The ECB stands ready to take whatever action is needed to fulfill its responsibilities to ensure price stability and financial stability in the euro area.

Impact on Pakistan

Arif Habib Commodities Managing Director and CEO Ahsan Mehanti said that the first and foremost impact on Pakistan would be the hike in commodity price in the country.

“The import volume of commodities from Ukraine to Pakistan, particularly wheat, will be impacted,” he cautioned.

The Pakistan Stream Gas Pipeline (PSGP) project, being construction between Russia and Pakistan is likely to be condemned by the western world and has to be pursued due to war, he cited.

Talking about the pressure on Islamabad to slap sanctions on Russia, he said that the country’s oil and gas contracts would be gravely impacted.

“The European Union has slapped sanctions on Russia so we naturally cannot ink any new contracts,” he said. “It might have a fallout on the existing oil and gas contracts as well.”

He voiced fear that Pakistan’s wheat import bill was likely to soar by atleast 20%. Following the invasion, wheat prices would climb up globally and Pakistan, that imported hefty wheat last year, is likely to face either food insecurity or jump in food inflation.

Besides, the development has boosted oil prices as well. Western nations are likely to pressureise Pakistan but Islamabad cannot impose sanctions unilaterally and the nation would follow what the rest of subcontinent does.

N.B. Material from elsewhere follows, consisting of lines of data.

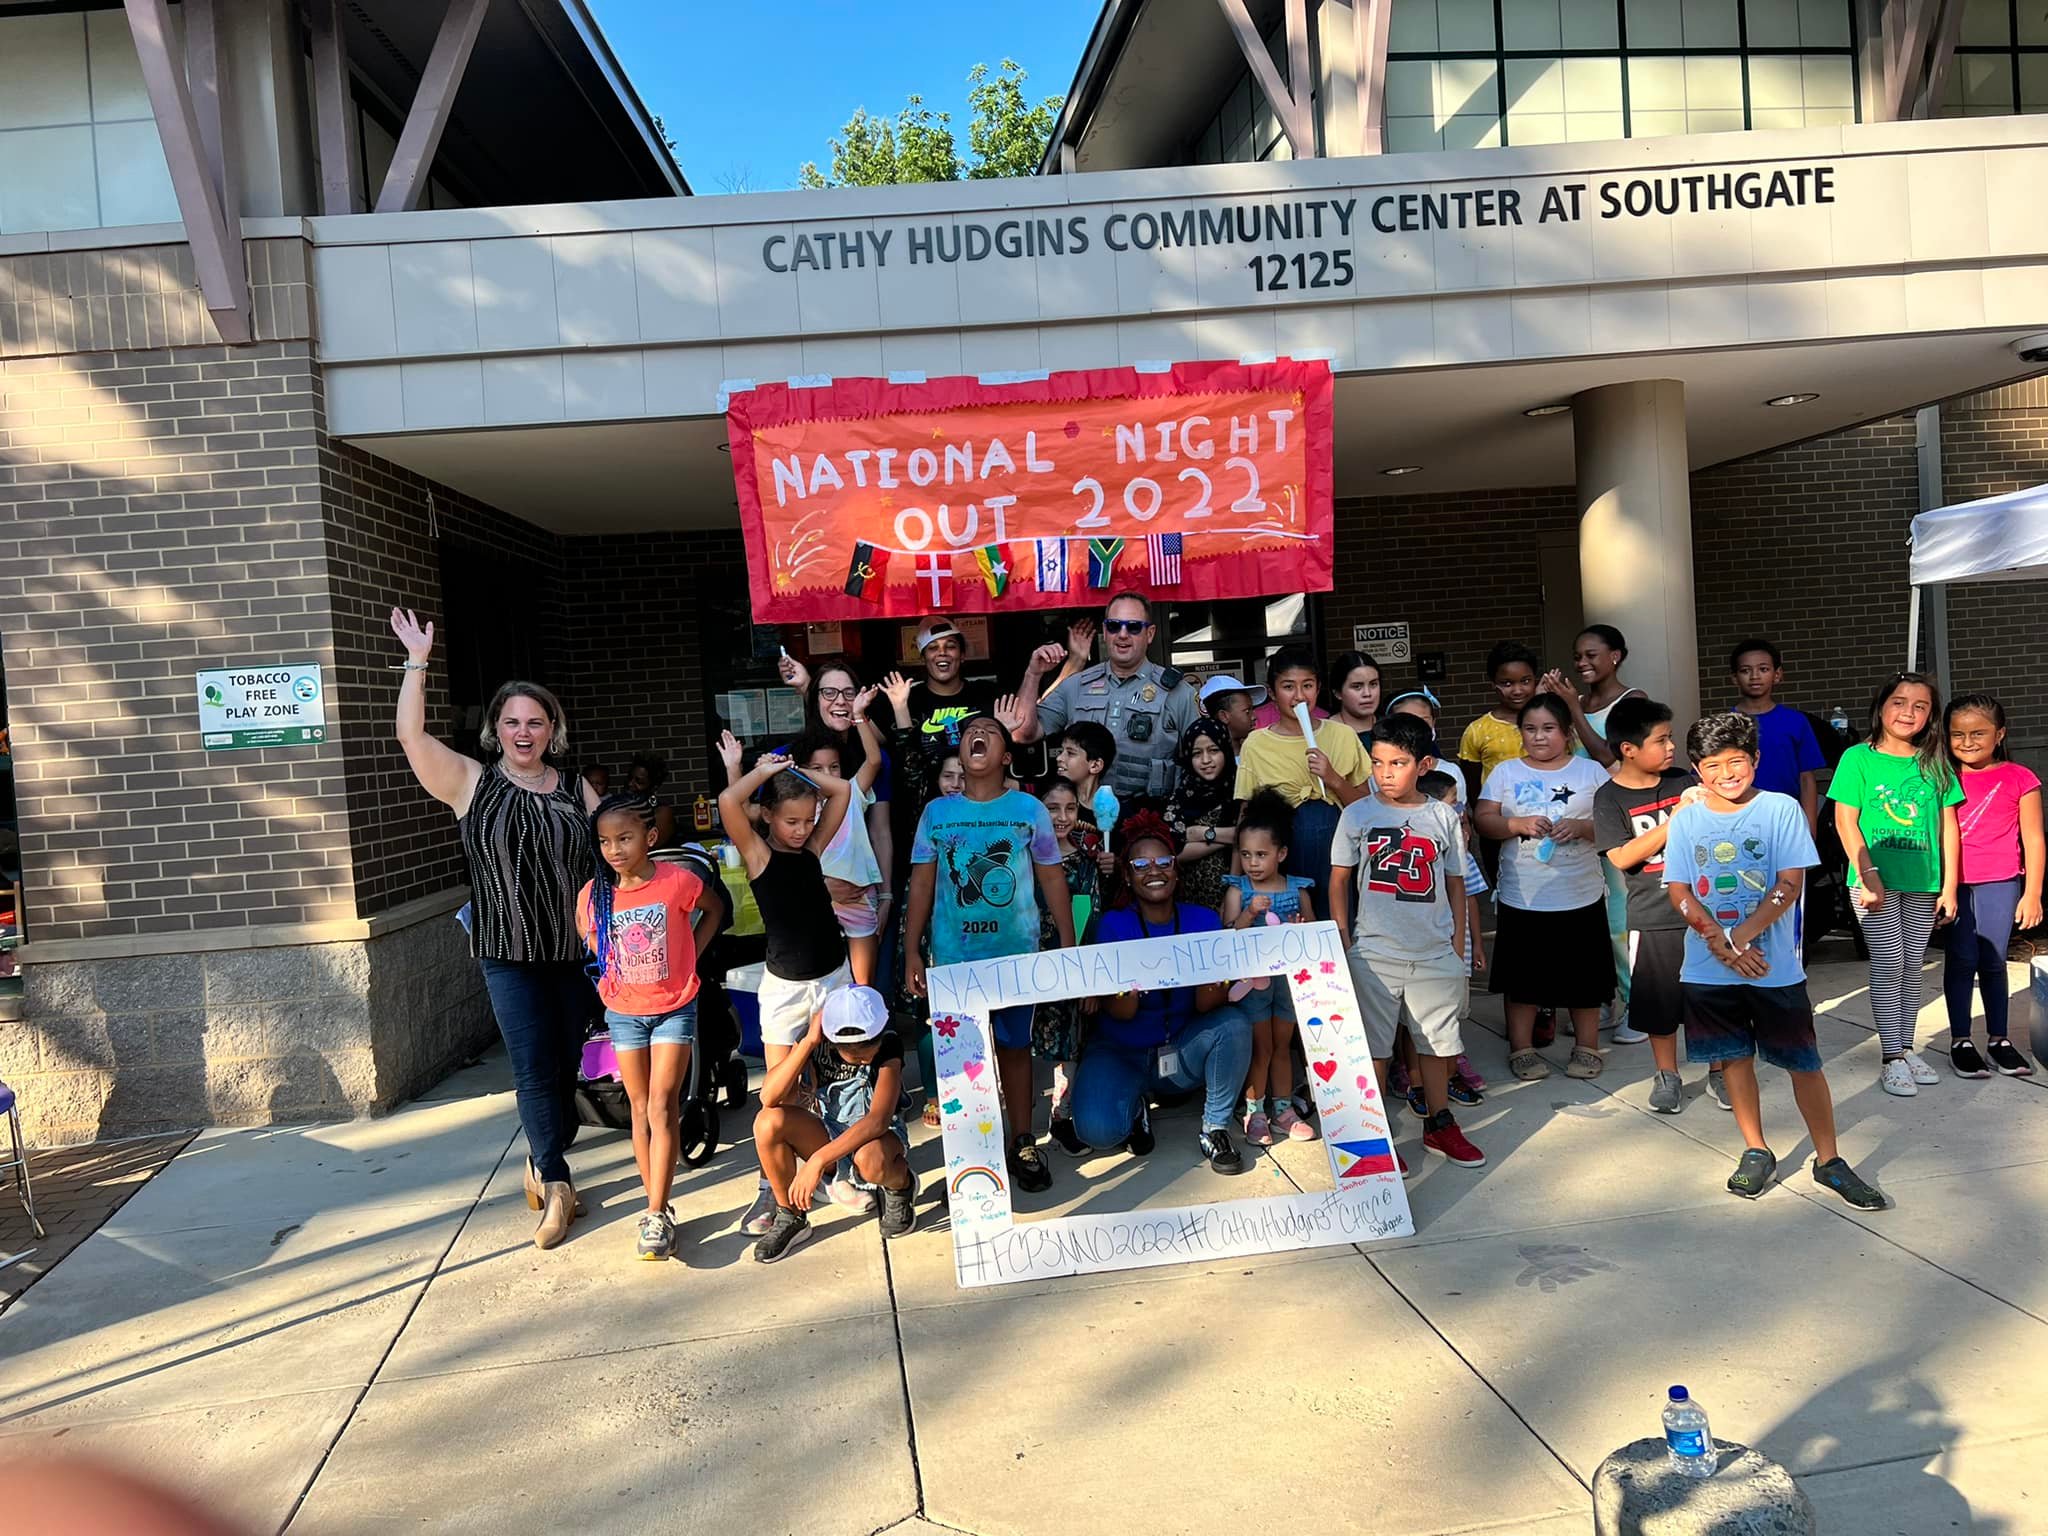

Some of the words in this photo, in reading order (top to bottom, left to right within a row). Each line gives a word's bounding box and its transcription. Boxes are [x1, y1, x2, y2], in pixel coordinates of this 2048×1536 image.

[762, 228, 893, 273] CATHY
[907, 216, 1089, 265] HUDGINS
[1103, 199, 1357, 252] COMMUNITY
[1370, 188, 1522, 234] CENTER
[1538, 183, 1587, 225] AT
[1599, 166, 1836, 220] SOUTHGATE
[1247, 249, 1355, 292] 12125
[771, 430, 1056, 508] NATIONAL
[1114, 409, 1296, 464] NIGHT
[893, 493, 1018, 551] OUT
[1072, 457, 1267, 529] 2022
[1358, 626, 1406, 640] NOTICE
[228, 672, 291, 687] TOBACCO
[246, 689, 277, 701] FREE
[226, 706, 257, 719] PLAY
[264, 704, 300, 717] ZONE
[930, 706, 969, 724] NIKE
[1367, 827, 1440, 903] 23
[611, 908, 664, 931] SPREAD
[962, 920, 998, 934] 2020
[931, 948, 1137, 1011] NATIONAL
[1173, 933, 1264, 976] NIGHT
[1282, 927, 1337, 964] OUT
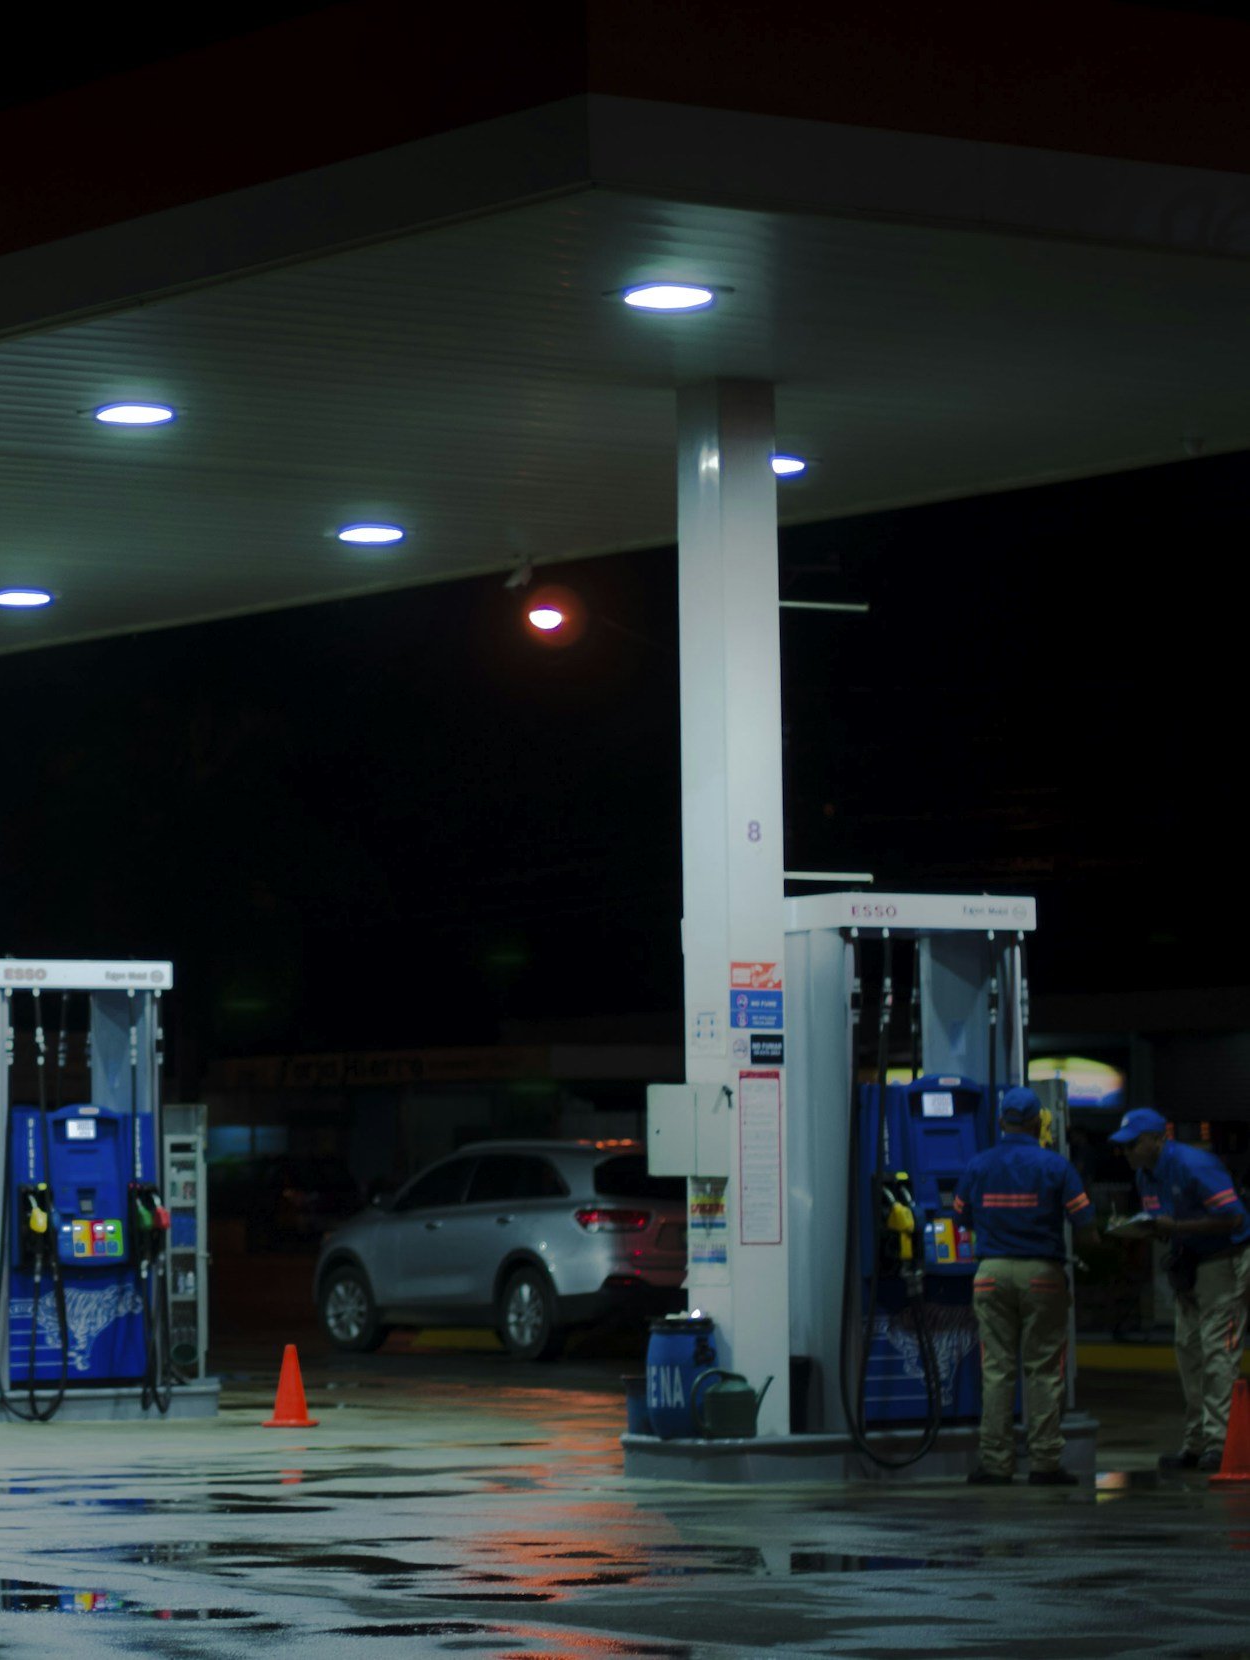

“If neighbouring countries penalise Russia some way or the other, we will rush to do it as well,” he said. “What we need to know is that our quantum of trade with Russia is not enough for sanctions.”

We cannot ink further oil and gas contracts with Russia

Local currency

Mehanti stated that the impact of geopolitical tensions on rupee was being witnessed everyday.

“Global oil prices rose and Pakistan, being a net importer of oil, will have to pay much higher to buy fuel. Recently, oil price soared past $110,” he said.

Arif Habib Limited Head of Research Tahir Abbas said that oil prices are broadly impacted due to global tensions.

Citing that Russia was the largest oil exporter and a prominent pipeline gas exporter, the upward movement in the two commodities would have a negative impact on Pakistan.

Every $5 rise in per barrel global oil price increases the annual current account deficit by $1.2 billion, he stated.

According to him, oil prices were the biggest victim of the war because Russia was playing a huge role in global oil supply and is an ally of Organisation of the Petroleum Exporting Countries. The alliance is known as OPEC+.

Russia supplies 40% of Europe’s total gas. If Europe stops ordering gas from Russia due to sanctions, the demand for re-gasified liquefied natural gas (RLNG) will rise and it will witness price hikes.

Due to this, Pakistan would have problem in securing spot LNGs.

“Last year, we imported a lot of wheat but we might not need to order that much this year,” he said. “Given that wheat from Ukraine would be scarce or costly, we can import it from other countries.”

“The situation can spell doom for rupee therefore, we hope that it normalises soon,” he said.

Pak-Kuwait Investment Company Head of Research said that inflation reading of Pakistan would be affected because international oil and LNG prices were soaring.

The external account would be pressurised as well and flight to safe haven assets such as gold would rise.